Tous deux étaient immunodéprimés, non vaccinés, et ont probablement été contaminés par un proche non vacciné. Ces situations soulignent l’importance de l’immunité de groupe et de la vaccination de l’entourage des sujets à risque de forme grave et/ou ayant une contre-indication à ce vaccin vivant atténué (déficit immunitaire, congénital ou acquis ; allergies à la néomycine ou à tout constituant du vaccin ; grossesse).

Globalement, la couverture vaccinale est insuffisante chez les nourrissons (79% avec deux doses de vaccin au lieu des 95% nécessaires), les enfants et les jeunes adultes. Aucun département n’atteint le taux requis de 95% de couverture vaccinale (CV) à 2 ans pour les 2 doses de vaccin permettant d’interrompre la circulation du virus. Seuls 7 départements ont une couverture comprise entre 85% et 90% ; tous les autres ayant une CV inférieure à 85%. Or 88 % des cas de rougeole sont survenus chez des sujets non ou mal vaccinés.
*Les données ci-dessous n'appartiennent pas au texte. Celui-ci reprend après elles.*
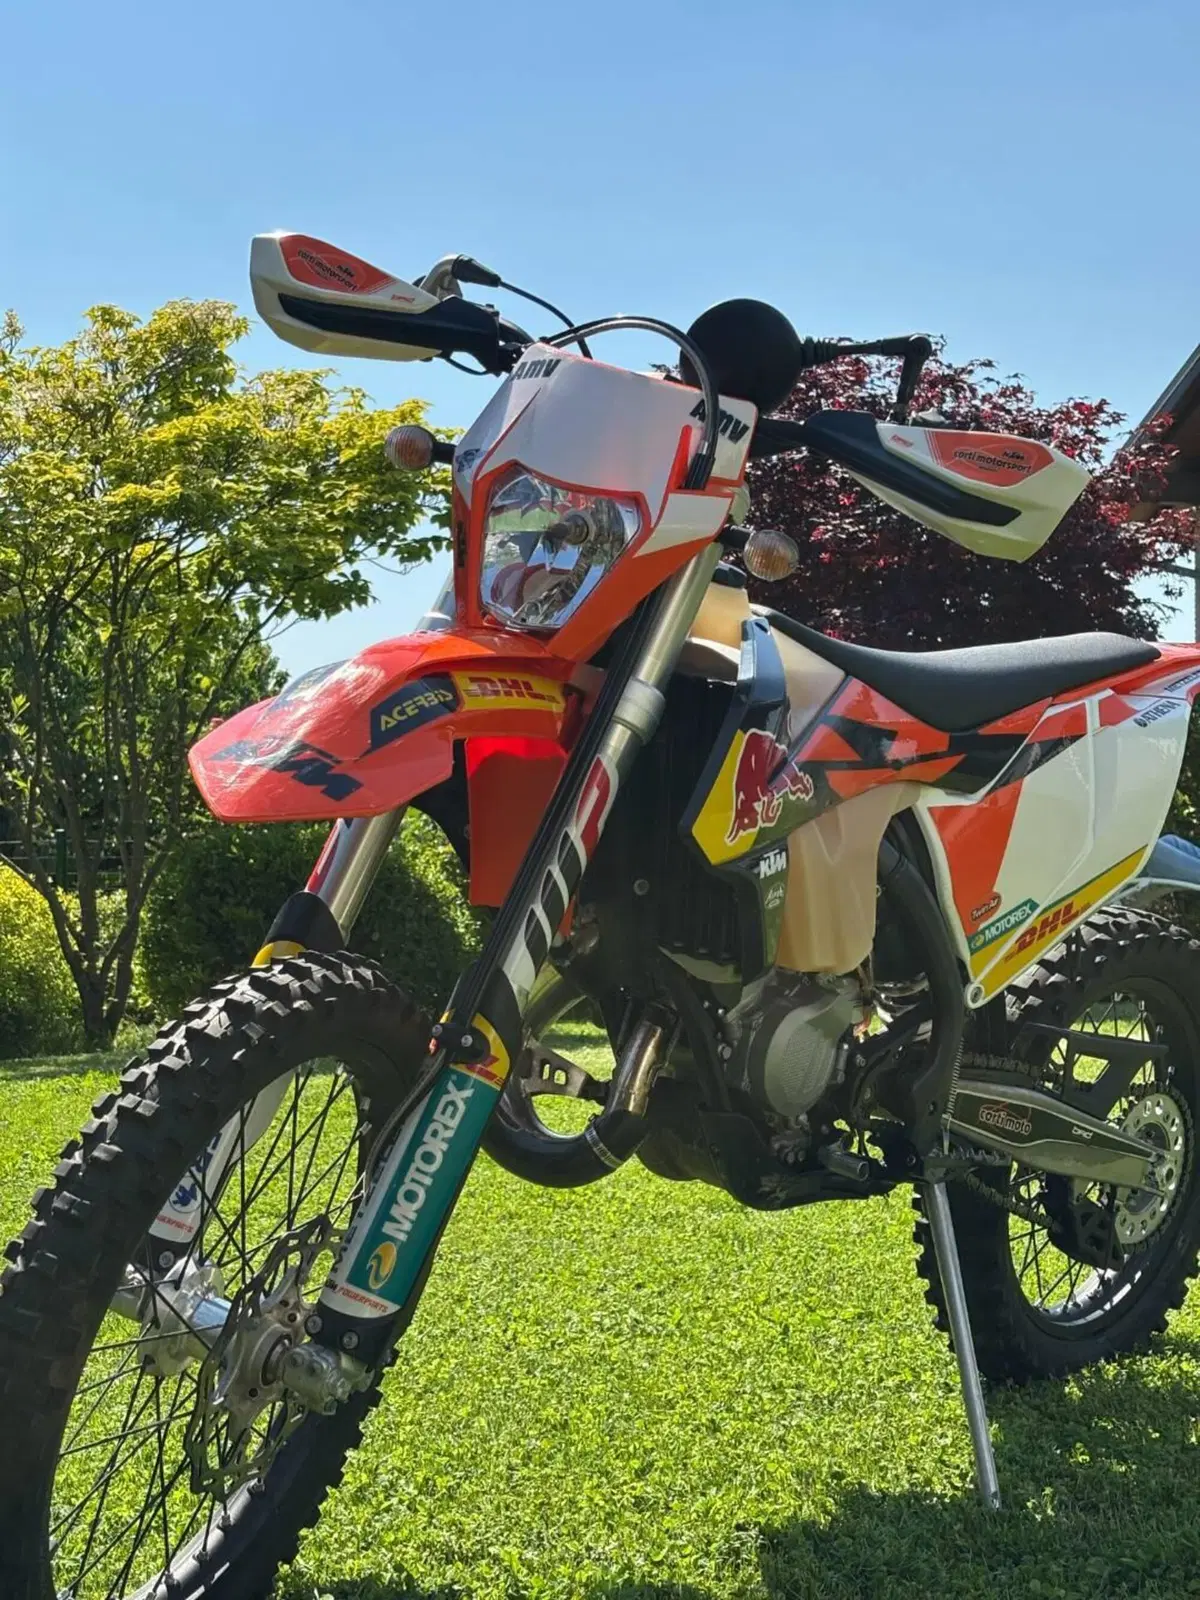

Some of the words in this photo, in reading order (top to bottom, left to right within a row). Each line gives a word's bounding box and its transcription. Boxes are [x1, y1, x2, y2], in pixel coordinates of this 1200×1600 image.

[954, 450, 976, 462] corti
[976, 453, 1032, 473] motorsport
[463, 676, 556, 702] DHL
[380, 688, 455, 732] ACERBIS
[1140, 700, 1181, 724] ATHENA
[759, 848, 787, 879] KTM
[984, 903, 1033, 942] MOTOREX
[1014, 901, 1080, 953] DHL
[979, 1108, 1006, 1128] corti
[1005, 1115, 1032, 1136] moto
[381, 1079, 475, 1243] MOTOREX
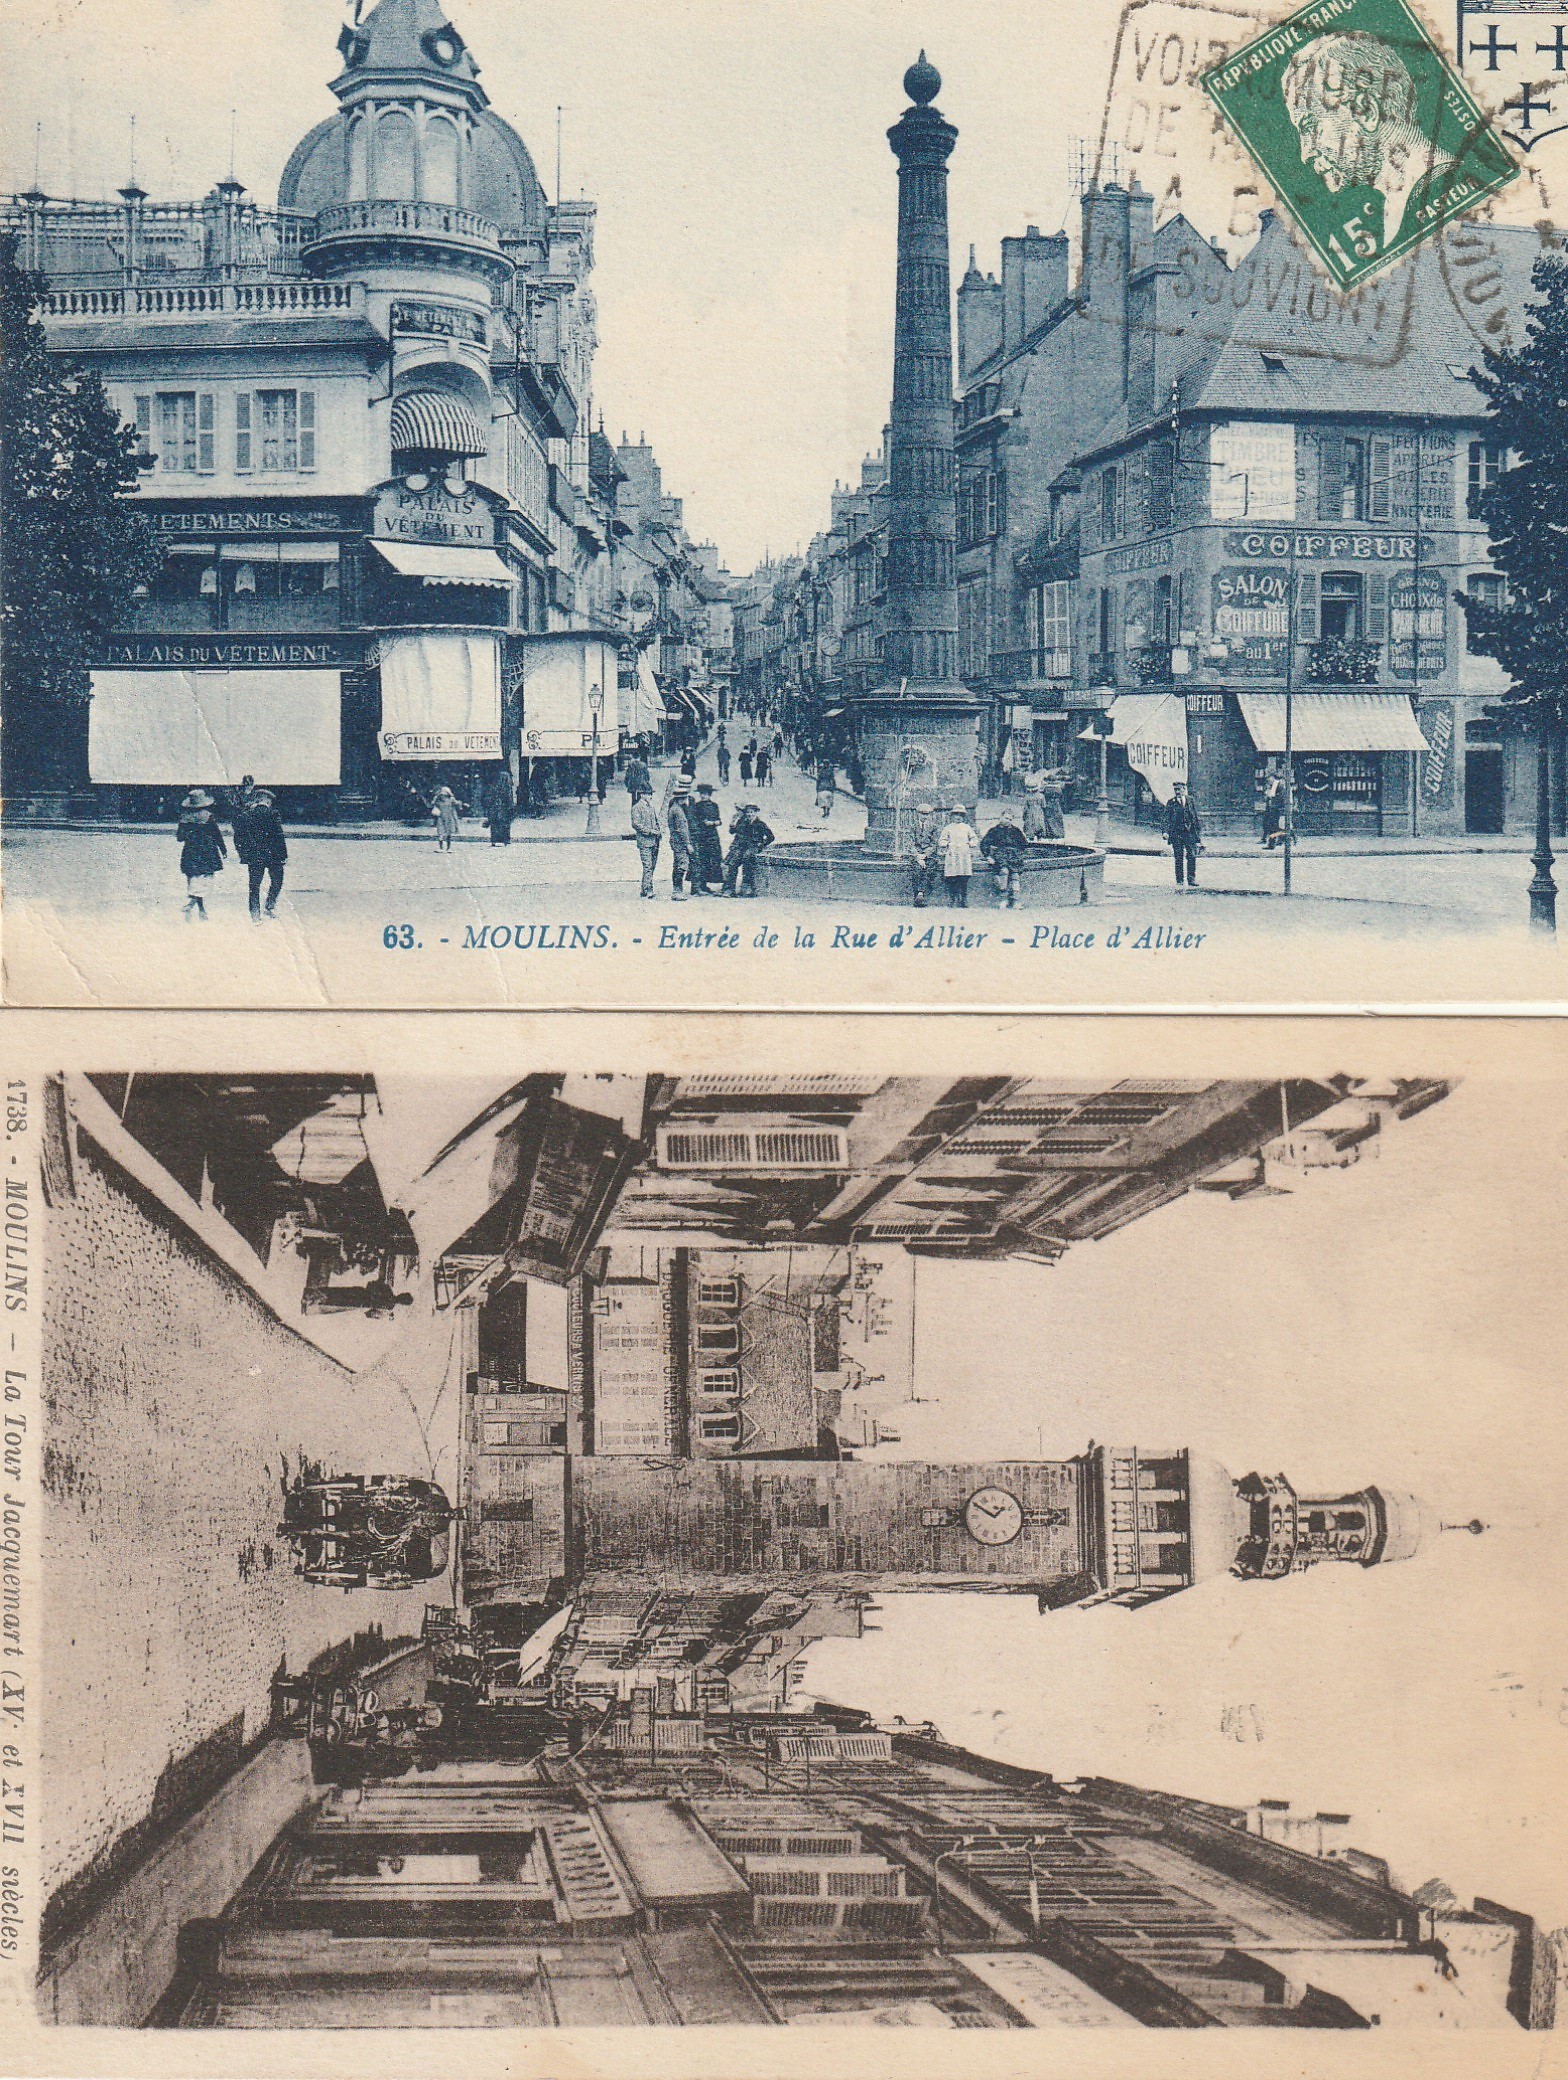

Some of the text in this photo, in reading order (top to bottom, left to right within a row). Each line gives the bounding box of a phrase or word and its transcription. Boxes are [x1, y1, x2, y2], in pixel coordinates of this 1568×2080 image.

L’épidémie qui sévit depuis novembre 2017 a été responsable de 2567 cas déclarés depuis le 6 novembre 2017. On observe actuellement une baisse du nombre de l’incidence hebdomadaire : rapide depuis le pic épidémique S-13 à S-18, puis stabilisation avec en moyenne 50 cas hebdomadaires déclarés (S-19 à S-23). L’épidémie est nationale puisque 84 départements ont déclaré au moins 1 cas.

L’incidence la plus élevée est constatée chez les enfants de moins de 1 an : 27,2 cas/100 000 habitants. 22 % des cas déclarés ont été hospitalisés.

Les données mettent en évidence des cas groupés dans des communautés incomplètement ou non vaccinées, qui doivent pouvoir bénéficier de mesures de prévention ciblées, souligne Santé publique France. Les mesures de prophylaxie post-exposition (vaccination ou immunoglobulines polyvalentes) apparaissent aussi essentielles.

Enfin, on dénombre plusieurs foyers nosocomiaux, ce qui "doit inciter les soignants à mettre rapidement à jour leur propre statut vaccinal vis-à-vis de la rougeole", complète l’agence.